━━━━━ The records

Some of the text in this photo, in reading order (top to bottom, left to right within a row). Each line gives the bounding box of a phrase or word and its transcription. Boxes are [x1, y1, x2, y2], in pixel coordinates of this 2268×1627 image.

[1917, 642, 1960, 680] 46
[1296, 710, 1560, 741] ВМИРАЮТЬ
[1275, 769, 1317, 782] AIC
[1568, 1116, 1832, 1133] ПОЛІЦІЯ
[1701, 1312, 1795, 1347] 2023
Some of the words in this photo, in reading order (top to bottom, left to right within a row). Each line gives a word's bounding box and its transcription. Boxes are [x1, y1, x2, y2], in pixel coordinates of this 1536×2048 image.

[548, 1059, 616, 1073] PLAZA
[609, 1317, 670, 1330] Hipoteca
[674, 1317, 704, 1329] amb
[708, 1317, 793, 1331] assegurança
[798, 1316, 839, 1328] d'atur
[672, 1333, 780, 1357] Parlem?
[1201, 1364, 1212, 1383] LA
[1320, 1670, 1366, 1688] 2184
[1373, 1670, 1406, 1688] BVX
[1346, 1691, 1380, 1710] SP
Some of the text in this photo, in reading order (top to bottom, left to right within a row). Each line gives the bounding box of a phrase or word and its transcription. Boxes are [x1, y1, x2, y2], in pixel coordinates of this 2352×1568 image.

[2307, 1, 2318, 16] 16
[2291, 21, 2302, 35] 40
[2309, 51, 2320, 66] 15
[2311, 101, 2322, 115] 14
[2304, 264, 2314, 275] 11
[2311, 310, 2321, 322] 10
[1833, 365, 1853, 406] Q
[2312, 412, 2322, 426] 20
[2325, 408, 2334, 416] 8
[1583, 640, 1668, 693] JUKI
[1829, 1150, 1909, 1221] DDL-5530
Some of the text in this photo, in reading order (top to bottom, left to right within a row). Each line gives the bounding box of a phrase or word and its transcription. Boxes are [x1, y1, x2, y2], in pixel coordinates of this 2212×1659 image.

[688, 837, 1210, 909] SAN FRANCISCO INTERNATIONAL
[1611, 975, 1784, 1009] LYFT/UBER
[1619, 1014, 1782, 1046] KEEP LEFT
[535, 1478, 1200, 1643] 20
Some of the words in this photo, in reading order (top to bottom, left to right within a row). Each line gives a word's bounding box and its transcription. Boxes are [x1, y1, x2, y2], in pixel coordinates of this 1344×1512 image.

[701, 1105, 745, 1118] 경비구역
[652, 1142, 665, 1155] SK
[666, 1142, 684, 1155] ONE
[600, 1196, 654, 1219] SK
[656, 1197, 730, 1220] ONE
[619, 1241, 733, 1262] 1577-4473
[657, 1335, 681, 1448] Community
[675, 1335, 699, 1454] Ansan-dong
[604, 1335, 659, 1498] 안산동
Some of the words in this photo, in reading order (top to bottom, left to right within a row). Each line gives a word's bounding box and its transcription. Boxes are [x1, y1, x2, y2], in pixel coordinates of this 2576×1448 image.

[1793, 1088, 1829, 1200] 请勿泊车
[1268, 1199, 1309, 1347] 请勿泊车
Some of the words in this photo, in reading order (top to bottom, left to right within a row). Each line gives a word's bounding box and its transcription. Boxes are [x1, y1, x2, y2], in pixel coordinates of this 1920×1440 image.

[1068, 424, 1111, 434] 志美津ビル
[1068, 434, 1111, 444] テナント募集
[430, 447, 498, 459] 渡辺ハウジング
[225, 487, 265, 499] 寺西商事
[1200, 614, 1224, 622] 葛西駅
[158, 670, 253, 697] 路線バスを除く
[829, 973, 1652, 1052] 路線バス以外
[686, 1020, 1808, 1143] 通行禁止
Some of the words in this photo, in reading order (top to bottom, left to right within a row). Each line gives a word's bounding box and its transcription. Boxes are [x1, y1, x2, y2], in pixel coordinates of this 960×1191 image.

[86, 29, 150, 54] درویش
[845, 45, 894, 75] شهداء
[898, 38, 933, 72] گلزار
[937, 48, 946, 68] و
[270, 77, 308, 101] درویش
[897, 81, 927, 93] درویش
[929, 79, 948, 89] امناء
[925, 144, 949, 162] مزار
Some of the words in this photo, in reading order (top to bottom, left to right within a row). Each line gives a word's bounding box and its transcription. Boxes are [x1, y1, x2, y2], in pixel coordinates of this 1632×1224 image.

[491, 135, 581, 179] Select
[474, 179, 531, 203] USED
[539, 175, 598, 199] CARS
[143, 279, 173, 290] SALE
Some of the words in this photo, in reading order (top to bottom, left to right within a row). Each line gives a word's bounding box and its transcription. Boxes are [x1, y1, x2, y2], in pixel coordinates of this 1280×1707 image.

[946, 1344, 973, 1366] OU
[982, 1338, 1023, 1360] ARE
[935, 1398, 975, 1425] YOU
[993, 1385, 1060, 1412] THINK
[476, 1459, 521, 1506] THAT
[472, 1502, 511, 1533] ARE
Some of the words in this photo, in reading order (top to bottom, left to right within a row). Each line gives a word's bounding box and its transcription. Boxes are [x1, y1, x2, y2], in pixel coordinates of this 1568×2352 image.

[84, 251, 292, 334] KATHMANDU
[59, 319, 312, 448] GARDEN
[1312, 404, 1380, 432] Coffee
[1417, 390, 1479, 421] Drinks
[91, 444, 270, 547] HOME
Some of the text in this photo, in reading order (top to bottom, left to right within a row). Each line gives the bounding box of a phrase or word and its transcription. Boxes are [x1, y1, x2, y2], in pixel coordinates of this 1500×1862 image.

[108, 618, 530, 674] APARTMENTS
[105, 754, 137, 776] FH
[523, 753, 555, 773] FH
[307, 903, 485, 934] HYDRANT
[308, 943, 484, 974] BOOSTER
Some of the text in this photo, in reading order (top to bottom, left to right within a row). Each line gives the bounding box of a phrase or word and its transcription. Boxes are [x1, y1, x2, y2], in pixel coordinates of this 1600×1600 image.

━━━━━━━━━━

- What is needed:
Without changing a word, restate the whole listing.

- Response to this exercise:
Some of the text in this photo, in reading order (top to bottom, left to right within a row). Each line gives the bounding box of a phrase or word and its transcription. Boxes are [x1, y1, x2, y2], in pixel coordinates of this 2268×1627 image.

[1917, 642, 1960, 680] 46
[1296, 710, 1560, 741] ВМИРАЮТЬ
[1275, 769, 1317, 782] AIC
[1568, 1116, 1832, 1133] ПОЛІЦІЯ
[1701, 1312, 1795, 1347] 2023
Some of the words in this photo, in reading order (top to bottom, left to right within a row). Each line gives a word's bounding box and its transcription. Boxes are [x1, y1, x2, y2], in pixel coordinates of this 1536×2048 image.

[548, 1059, 616, 1073] PLAZA
[609, 1317, 670, 1330] Hipoteca
[674, 1317, 704, 1329] amb
[708, 1317, 793, 1331] assegurança
[798, 1316, 839, 1328] d'atur
[672, 1333, 780, 1357] Parlem?
[1201, 1364, 1212, 1383] LA
[1320, 1670, 1366, 1688] 2184
[1373, 1670, 1406, 1688] BVX
[1346, 1691, 1380, 1710] SP
Some of the text in this photo, in reading order (top to bottom, left to right within a row). Each line gives the bounding box of a phrase or word and its transcription. Boxes are [x1, y1, x2, y2], in pixel coordinates of this 2352×1568 image.

[2307, 1, 2318, 16] 16
[2291, 21, 2302, 35] 40
[2309, 51, 2320, 66] 15
[2311, 101, 2322, 115] 14
[2304, 264, 2314, 275] 11
[2311, 310, 2321, 322] 10
[1833, 365, 1853, 406] Q
[2312, 412, 2322, 426] 20
[2325, 408, 2334, 416] 8
[1583, 640, 1668, 693] JUKI
[1829, 1150, 1909, 1221] DDL-5530
Some of the text in this photo, in reading order (top to bottom, left to right within a row). Each line gives the bounding box of a phrase or word and its transcription. Boxes are [x1, y1, x2, y2], in pixel coordinates of this 2212×1659 image.

[688, 837, 1210, 909] SAN FRANCISCO INTERNATIONAL
[1611, 975, 1784, 1009] LYFT/UBER
[1619, 1014, 1782, 1046] KEEP LEFT
[535, 1478, 1200, 1643] 20
Some of the words in this photo, in reading order (top to bottom, left to right within a row). Each line gives a word's bounding box and its transcription. Boxes are [x1, y1, x2, y2], in pixel coordinates of this 1344×1512 image.

[701, 1105, 745, 1118] 경비구역
[652, 1142, 665, 1155] SK
[666, 1142, 684, 1155] ONE
[600, 1196, 654, 1219] SK
[656, 1197, 730, 1220] ONE
[619, 1241, 733, 1262] 1577-4473
[657, 1335, 681, 1448] Community
[675, 1335, 699, 1454] Ansan-dong
[604, 1335, 659, 1498] 안산동
Some of the words in this photo, in reading order (top to bottom, left to right within a row). Each line gives a word's bounding box and its transcription. Boxes are [x1, y1, x2, y2], in pixel coordinates of this 2576×1448 image.

[1793, 1088, 1829, 1200] 请勿泊车
[1268, 1199, 1309, 1347] 请勿泊车
Some of the words in this photo, in reading order (top to bottom, left to right within a row). Each line gives a word's bounding box and its transcription. Boxes are [x1, y1, x2, y2], in pixel coordinates of this 1920×1440 image.

[1068, 424, 1111, 434] 志美津ビル
[1068, 434, 1111, 444] テナント募集
[430, 447, 498, 459] 渡辺ハウジング
[225, 487, 265, 499] 寺西商事
[1200, 614, 1224, 622] 葛西駅
[158, 670, 253, 697] 路線バスを除く
[829, 973, 1652, 1052] 路線バス以外
[686, 1020, 1808, 1143] 通行禁止
Some of the words in this photo, in reading order (top to bottom, left to right within a row). Each line gives a word's bounding box and its transcription. Boxes are [x1, y1, x2, y2], in pixel coordinates of this 960×1191 image.

[86, 29, 150, 54] درویش
[845, 45, 894, 75] شهداء
[898, 38, 933, 72] گلزار
[937, 48, 946, 68] و
[270, 77, 308, 101] درویش
[897, 81, 927, 93] درویش
[929, 79, 948, 89] امناء
[925, 144, 949, 162] مزار
Some of the words in this photo, in reading order (top to bottom, left to right within a row). Each line gives a word's bounding box and its transcription. Boxes are [x1, y1, x2, y2], in pixel coordinates of this 1632×1224 image.

[491, 135, 581, 179] Select
[474, 179, 531, 203] USED
[539, 175, 598, 199] CARS
[143, 279, 173, 290] SALE
Some of the words in this photo, in reading order (top to bottom, left to right within a row). Each line gives a word's bounding box and its transcription. Boxes are [x1, y1, x2, y2], in pixel coordinates of this 1280×1707 image.

[946, 1344, 973, 1366] OU
[982, 1338, 1023, 1360] ARE
[935, 1398, 975, 1425] YOU
[993, 1385, 1060, 1412] THINK
[476, 1459, 521, 1506] THAT
[472, 1502, 511, 1533] ARE
Some of the words in this photo, in reading order (top to bottom, left to right within a row). Each line gives a word's bounding box and its transcription. Boxes are [x1, y1, x2, y2], in pixel coordinates of this 1568×2352 image.

[84, 251, 292, 334] KATHMANDU
[59, 319, 312, 448] GARDEN
[1312, 404, 1380, 432] Coffee
[1417, 390, 1479, 421] Drinks
[91, 444, 270, 547] HOME
Some of the text in this photo, in reading order (top to bottom, left to right within a row). Each line gives the bounding box of a phrase or word and its transcription. Boxes are [x1, y1, x2, y2], in pixel coordinates of this 1500×1862 image.

[108, 618, 530, 674] APARTMENTS
[105, 754, 137, 776] FH
[523, 753, 555, 773] FH
[307, 903, 485, 934] HYDRANT
[308, 943, 484, 974] BOOSTER
Some of the text in this photo, in reading order (top to bottom, left to right within a row). Each line gives the bounding box of a phrase or word and its transcription. Boxes are [x1, y1, x2, y2], in pixel coordinates of this 1600×1600 image.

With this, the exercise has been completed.